## REQUIRED WORK
Could you repeat the listing exactly, leaving out the pictures?

## MATERIAL SHOWN
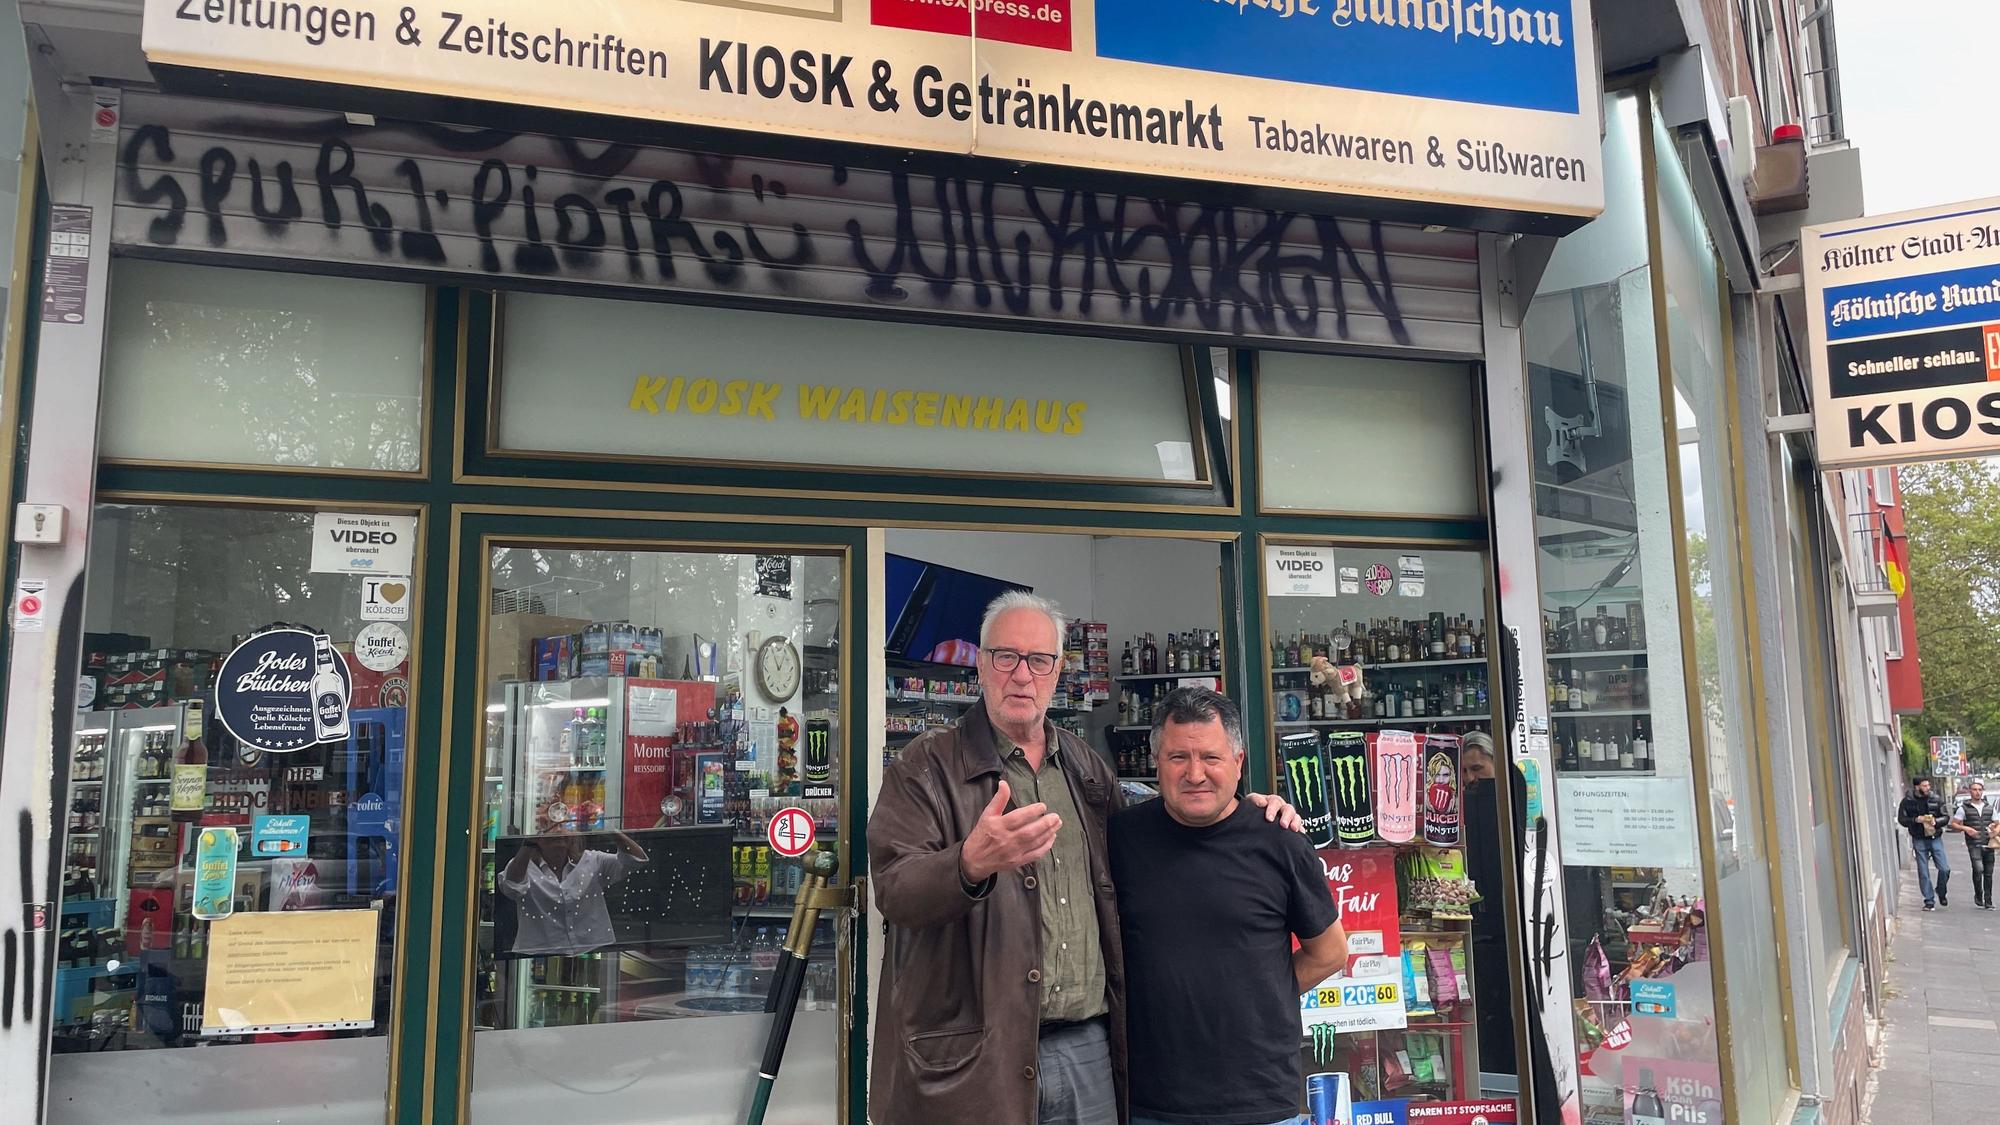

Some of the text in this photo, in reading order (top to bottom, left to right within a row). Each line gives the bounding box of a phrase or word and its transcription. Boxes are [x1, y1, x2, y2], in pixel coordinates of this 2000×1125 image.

[903, 0, 1062, 23] w.express.de
[176, 0, 669, 79] Zeitungen & Zeitschriften
[699, 37, 1224, 152] KIOSK & Getränkemarkt
[1248, 115, 1586, 183] Tabakwaren & Süßwaren
[1820, 244, 1896, 273] Kölner
[1830, 290, 1937, 327] Kölnische
[1848, 349, 1981, 378] Schneller schlau.
[628, 373, 1088, 437] KIOSK WAISENHAUS
[330, 529, 397, 545] VIDEO
[1276, 559, 1324, 572] VIDEO
[366, 583, 379, 604] I
[365, 605, 405, 615] KÖLSCH
[367, 637, 396, 648] Gaffel
[236, 671, 311, 693] Büdchen
[250, 713, 312, 723] Quelle Kölscher
[252, 704, 311, 714] Ausgezeichnete
[319, 704, 342, 716] Gaffel
[254, 722, 306, 731] Lebensfreude
[805, 786, 832, 797] DRÜCKEN
[1301, 812, 1332, 827] ONSTER
[1335, 885, 1380, 920] Fair
[1319, 990, 1336, 1004] 28
[1345, 985, 1365, 1006] 20
[1377, 986, 1393, 1001] 60
[1666, 1076, 1713, 1099] Köln
[1356, 1114, 1372, 1125] RED
[1374, 1112, 1394, 1125] BULL
[1409, 1103, 1515, 1117] SPAREN IST STOPFSACHE.
[1670, 1103, 1707, 1124] Pils
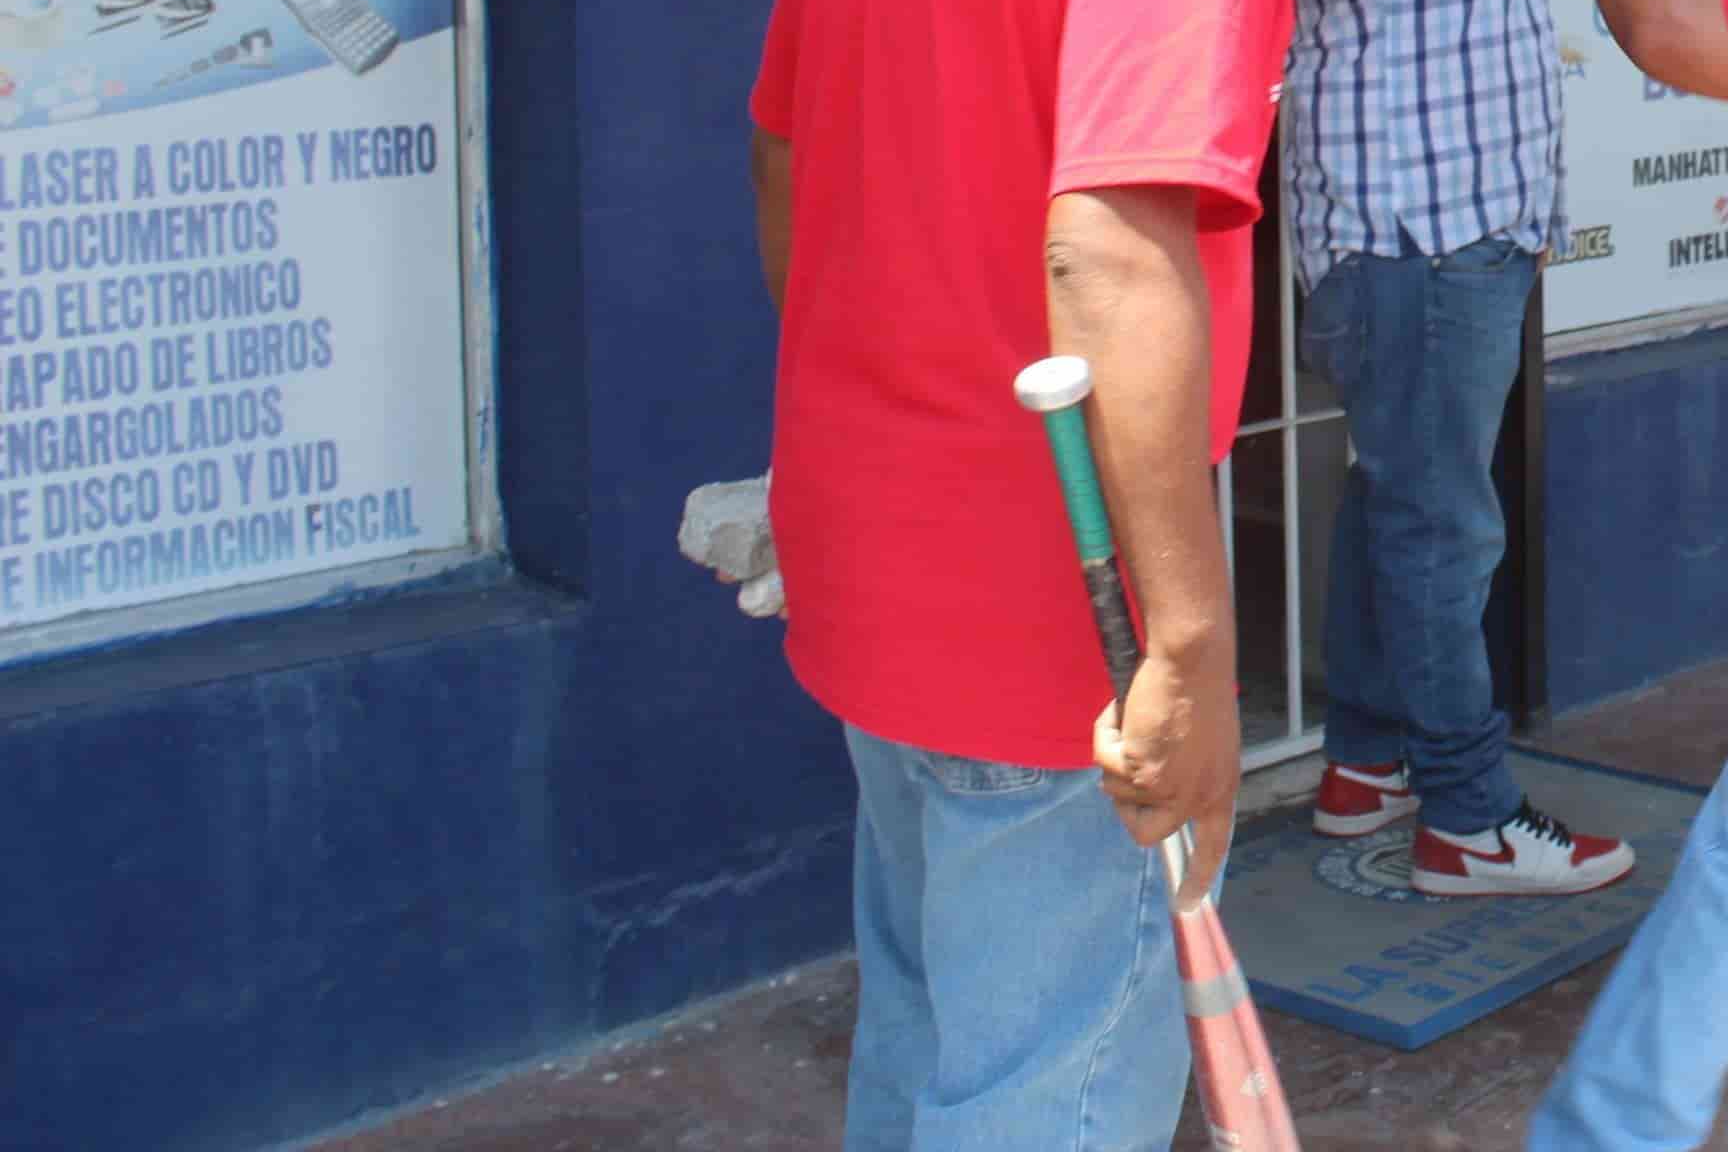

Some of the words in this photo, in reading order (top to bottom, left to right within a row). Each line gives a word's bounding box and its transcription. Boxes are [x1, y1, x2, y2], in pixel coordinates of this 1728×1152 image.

[132, 142, 156, 199] A
[168, 134, 286, 195] COLOR
[296, 132, 319, 184] Y
[329, 123, 438, 183] NEGRO
[19, 199, 279, 276] DOCUMENTOS
[56, 259, 301, 339] ELECTRONICO
[151, 333, 197, 393] DE
[206, 317, 335, 385] LIBROS
[43, 466, 161, 540] DISCO
[173, 456, 222, 518] CD
[234, 450, 256, 506] Y
[269, 439, 339, 501] DVD
[35, 508, 295, 609] INFORMACION
[306, 486, 421, 554] FISCAL
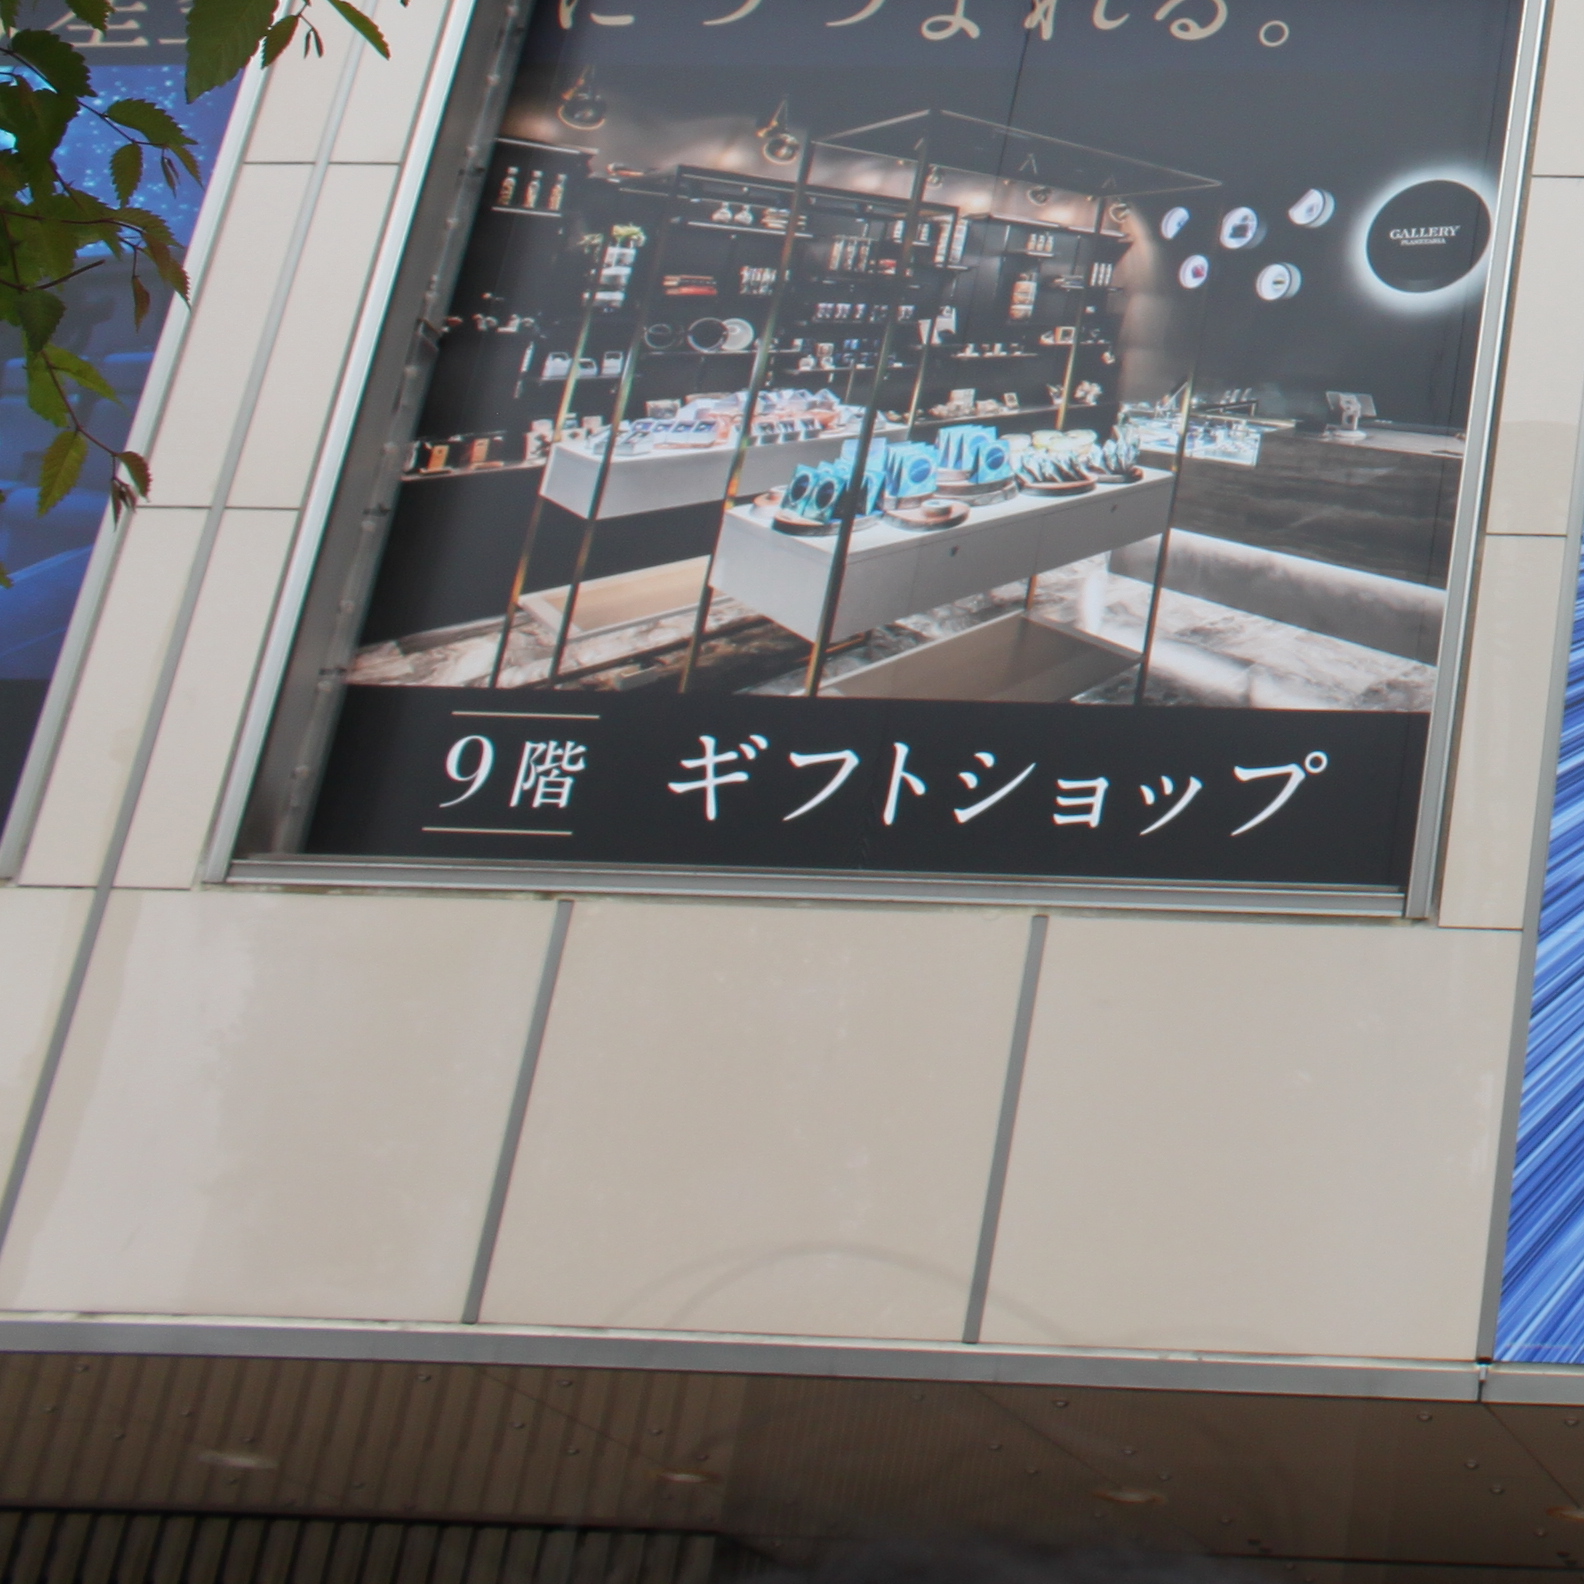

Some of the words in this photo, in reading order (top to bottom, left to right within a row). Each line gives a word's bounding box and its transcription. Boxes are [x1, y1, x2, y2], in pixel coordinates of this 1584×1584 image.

## THE COMPLETED TASK
Some of the text in this photo, in reading order (top to bottom, left to right within a row). Each line gives the bounding box of a phrase or word and its transcription. Boxes are [x1, y1, x2, y2], in pixel coordinates of this 2000×1125 image.

[903, 0, 1062, 23] w.express.de
[176, 0, 669, 79] Zeitungen & Zeitschriften
[699, 37, 1224, 152] KIOSK & Getränkemarkt
[1248, 115, 1586, 183] Tabakwaren & Süßwaren
[1820, 244, 1896, 273] Kölner
[1830, 290, 1937, 327] Kölnische
[1848, 349, 1981, 378] Schneller schlau.
[628, 373, 1088, 437] KIOSK WAISENHAUS
[330, 529, 397, 545] VIDEO
[1276, 559, 1324, 572] VIDEO
[366, 583, 379, 604] I
[365, 605, 405, 615] KÖLSCH
[367, 637, 396, 648] Gaffel
[236, 671, 311, 693] Büdchen
[250, 713, 312, 723] Quelle Kölscher
[252, 704, 311, 714] Ausgezeichnete
[319, 704, 342, 716] Gaffel
[254, 722, 306, 731] Lebensfreude
[805, 786, 832, 797] DRÜCKEN
[1301, 812, 1332, 827] ONSTER
[1335, 885, 1380, 920] Fair
[1319, 990, 1336, 1004] 28
[1345, 985, 1365, 1006] 20
[1377, 986, 1393, 1001] 60
[1666, 1076, 1713, 1099] Köln
[1356, 1114, 1372, 1125] RED
[1374, 1112, 1394, 1125] BULL
[1409, 1103, 1515, 1117] SPAREN IST STOPFSACHE.
[1670, 1103, 1707, 1124] Pils

Some of the words in this photo, in reading order (top to bottom, left to right within a row). Each line gives a word's bounding box and its transcription. Boxes are [x1, y1, x2, y2], in pixel coordinates of this 1728×1152 image.

[132, 142, 156, 199] A
[168, 134, 286, 195] COLOR
[296, 132, 319, 184] Y
[329, 123, 438, 183] NEGRO
[19, 199, 279, 276] DOCUMENTOS
[56, 259, 301, 339] ELECTRONICO
[151, 333, 197, 393] DE
[206, 317, 335, 385] LIBROS
[43, 466, 161, 540] DISCO
[173, 456, 222, 518] CD
[234, 450, 256, 506] Y
[269, 439, 339, 501] DVD
[35, 508, 295, 609] INFORMACION
[306, 486, 421, 554] FISCAL

Some of the words in this photo, in reading order (top to bottom, left to right within a row). Each line gives a word's bounding box and its transcription. Boxes are [x1, y1, x2, y2], in pixel coordinates of this 1584×1584 image.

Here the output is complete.